⟨

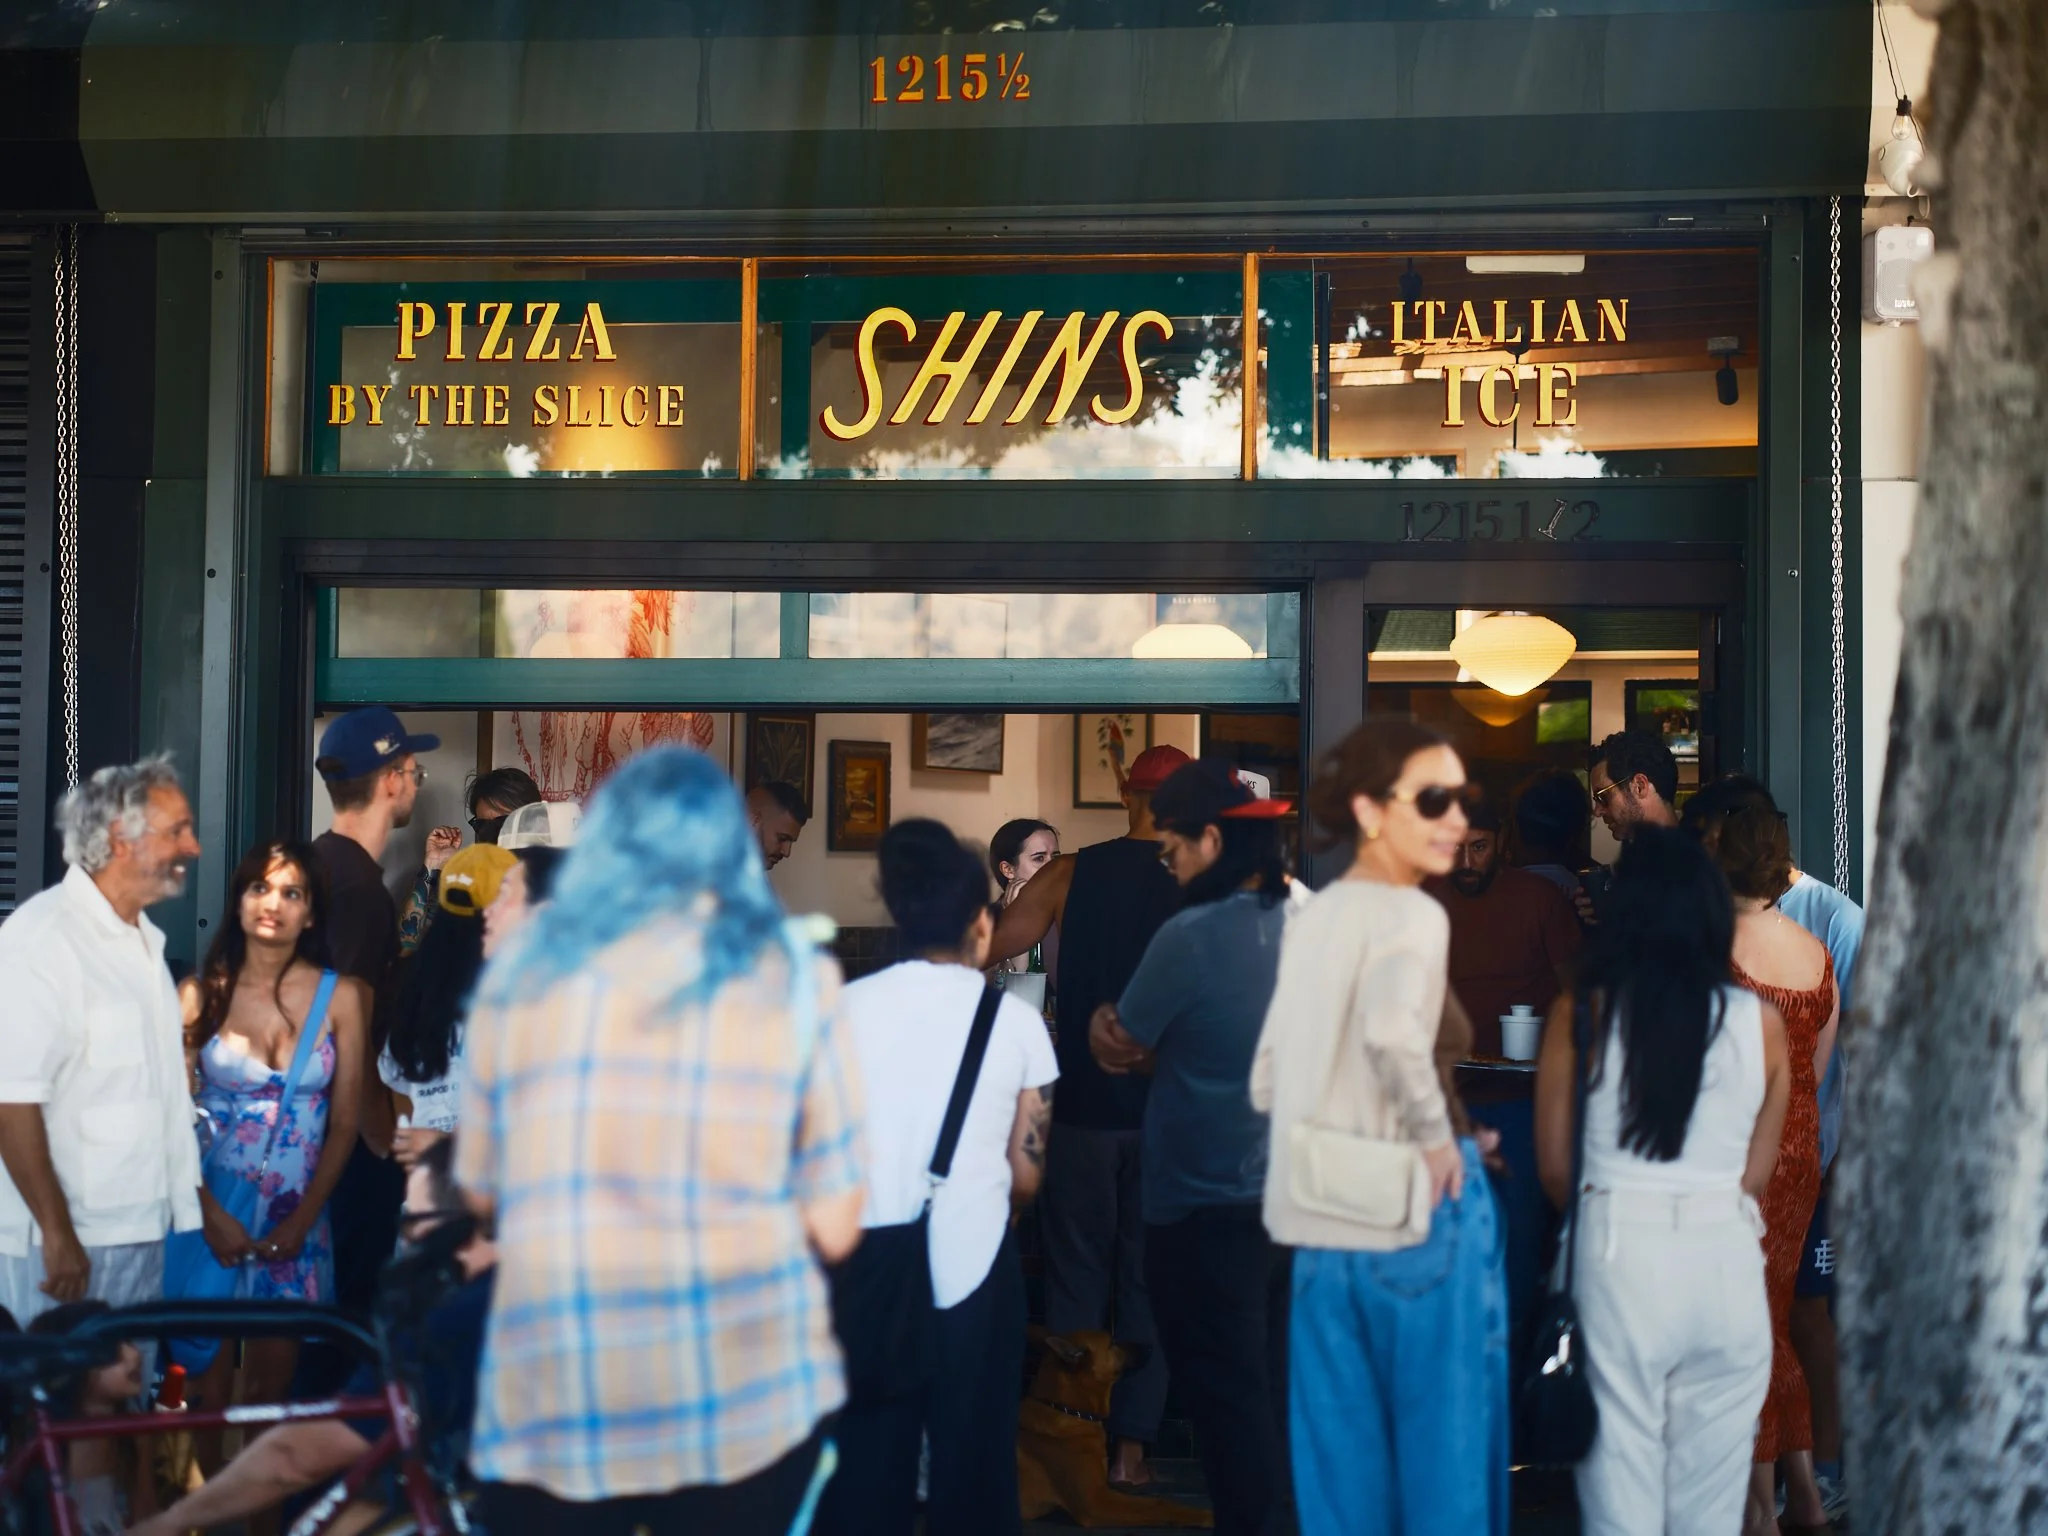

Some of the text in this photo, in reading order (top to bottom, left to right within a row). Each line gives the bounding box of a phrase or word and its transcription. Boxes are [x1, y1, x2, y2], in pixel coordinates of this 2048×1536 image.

[395, 302, 617, 362] PIZZA
[1390, 298, 1629, 345] ITALIAN
[819, 306, 1174, 441] SHINS
[1441, 363, 1578, 428] ICE
[327, 384, 685, 426] BY THE SLICE
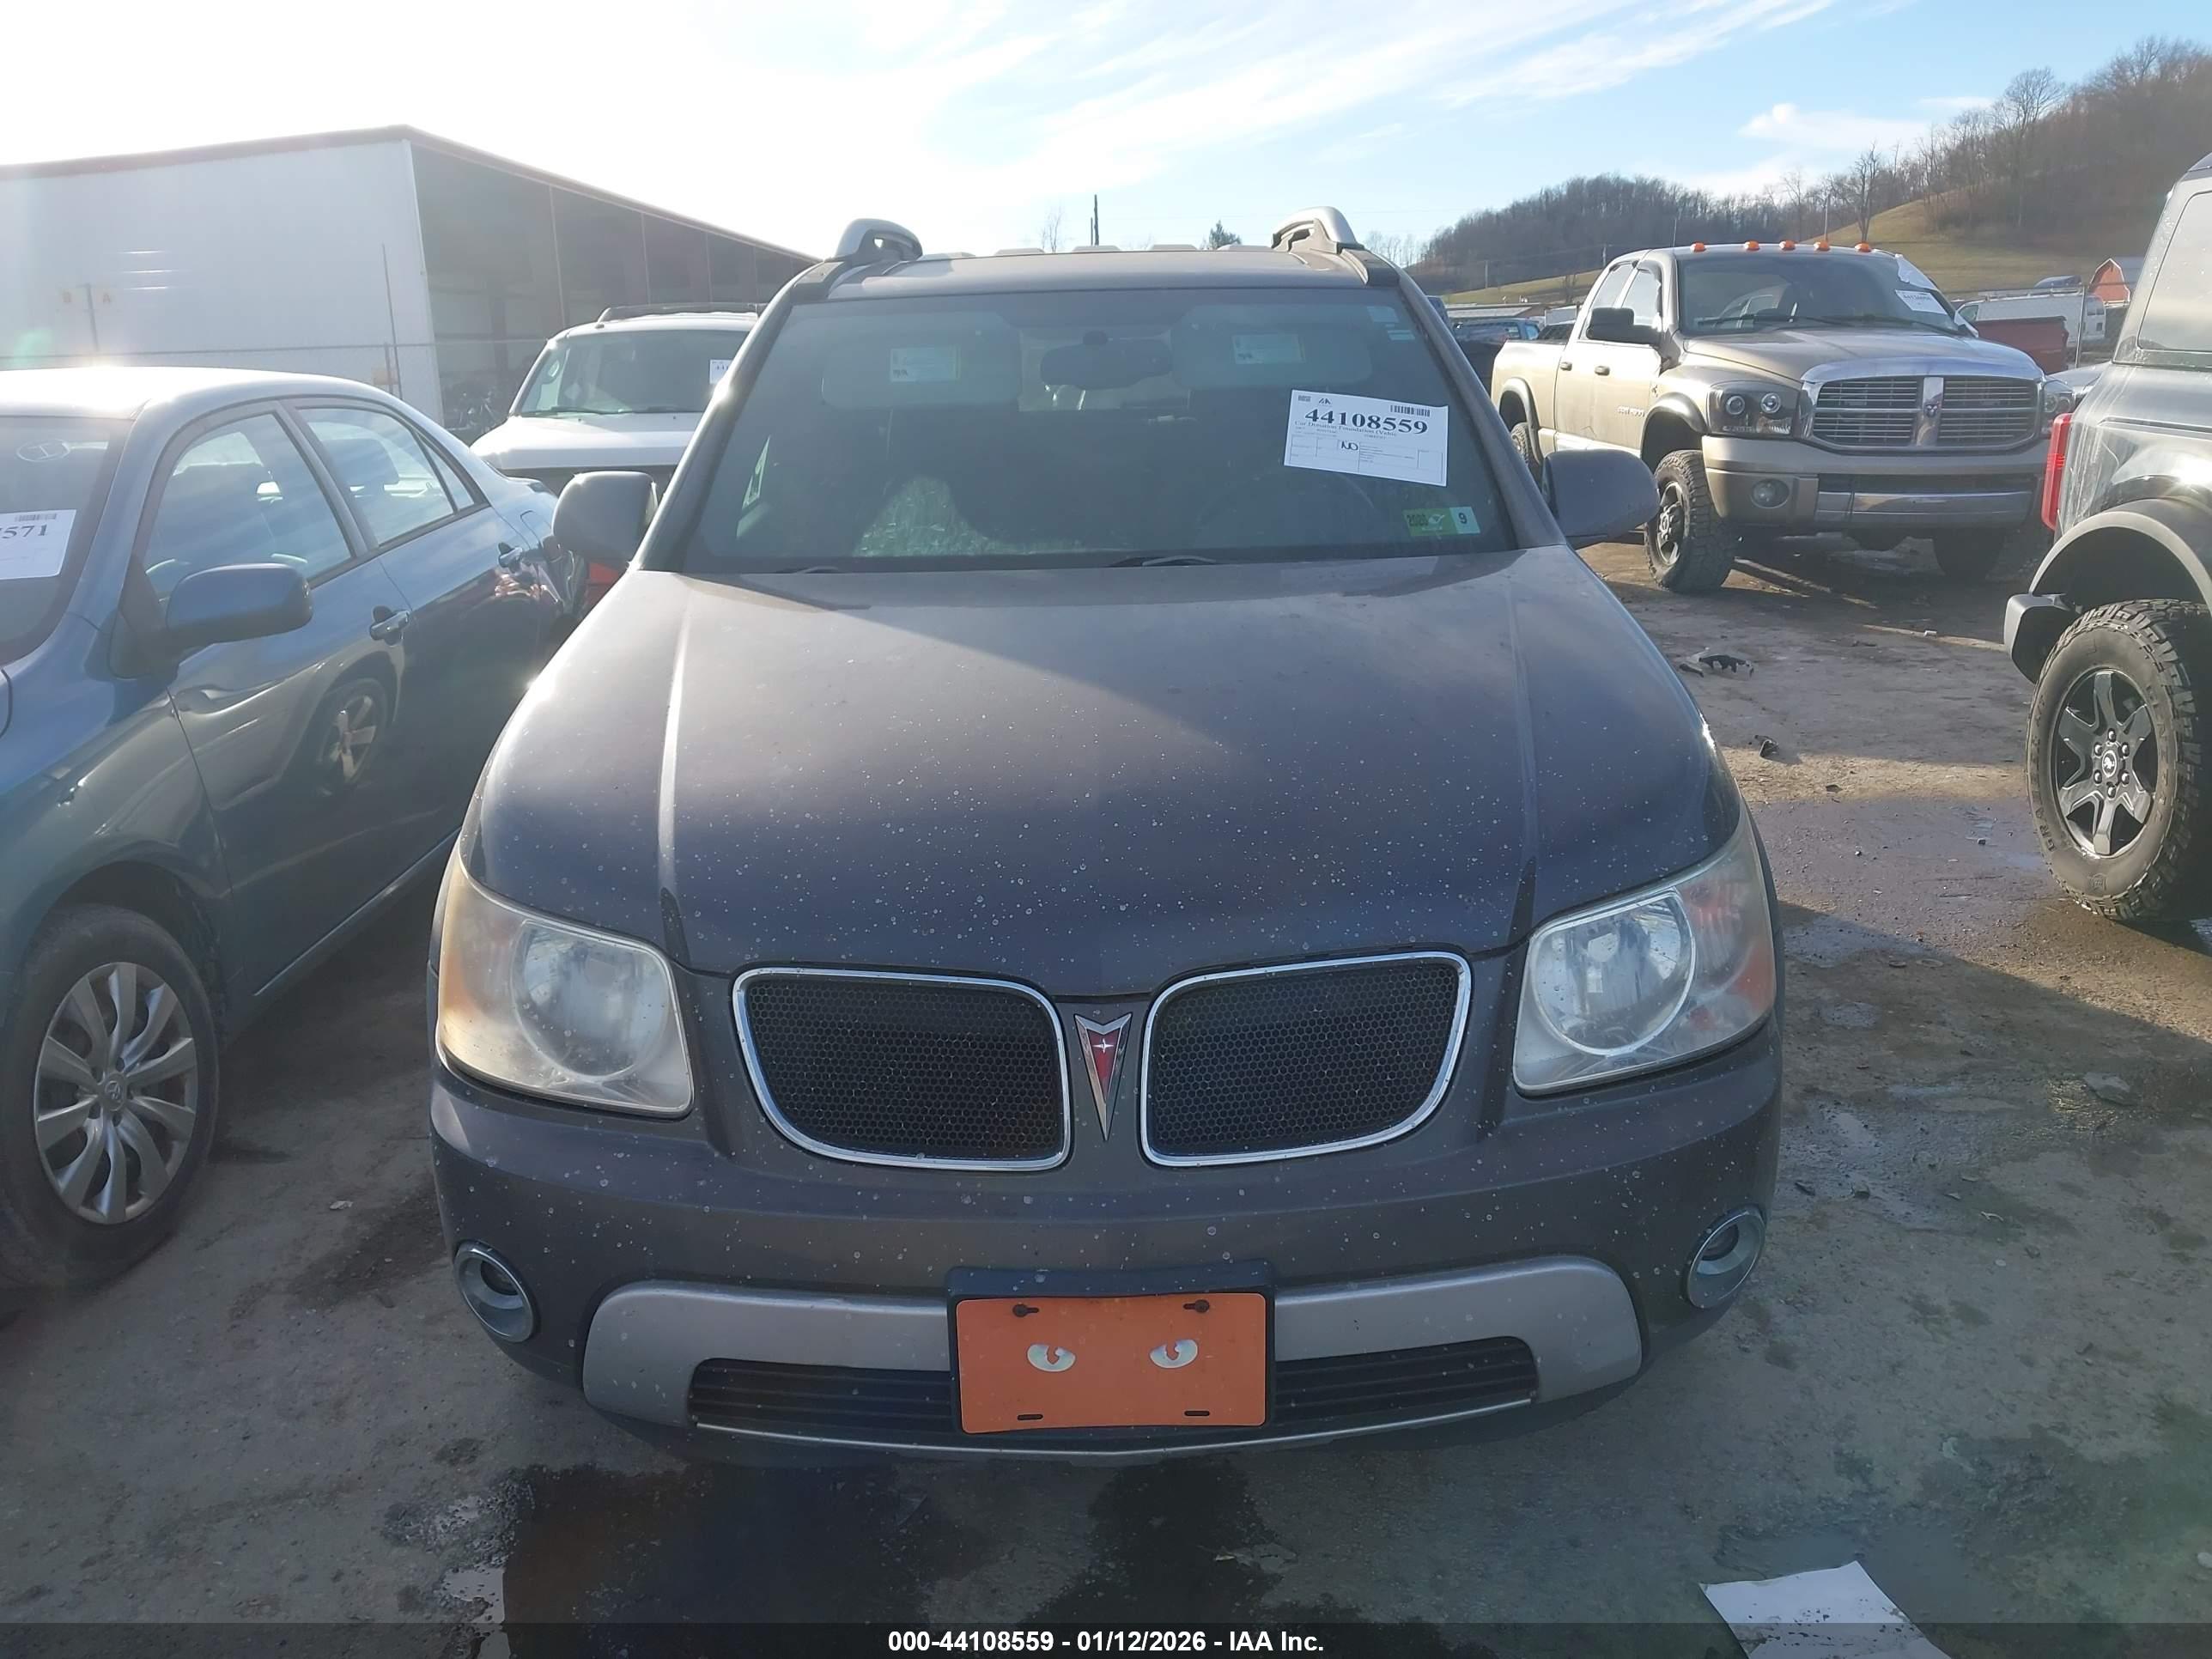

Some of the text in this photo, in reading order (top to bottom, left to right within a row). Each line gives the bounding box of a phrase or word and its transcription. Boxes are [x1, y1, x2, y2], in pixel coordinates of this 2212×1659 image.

[1304, 408, 1429, 434] 44108559
[1458, 512, 1468, 525] 9
[0, 524, 47, 539] 571

⟩

→ ASSIGNMENT: Take the lines from the one containing "this 2212×1659 image." through the final line of the entries above, and set them down exactly, with nothing added.

→ WORKED SOLUTION:
Some of the text in this photo, in reading order (top to bottom, left to right within a row). Each line gives the bounding box of a phrase or word and its transcription. Boxes are [x1, y1, x2, y2], in pixel coordinates of this 2212×1659 image.

[1304, 408, 1429, 434] 44108559
[1458, 512, 1468, 525] 9
[0, 524, 47, 539] 571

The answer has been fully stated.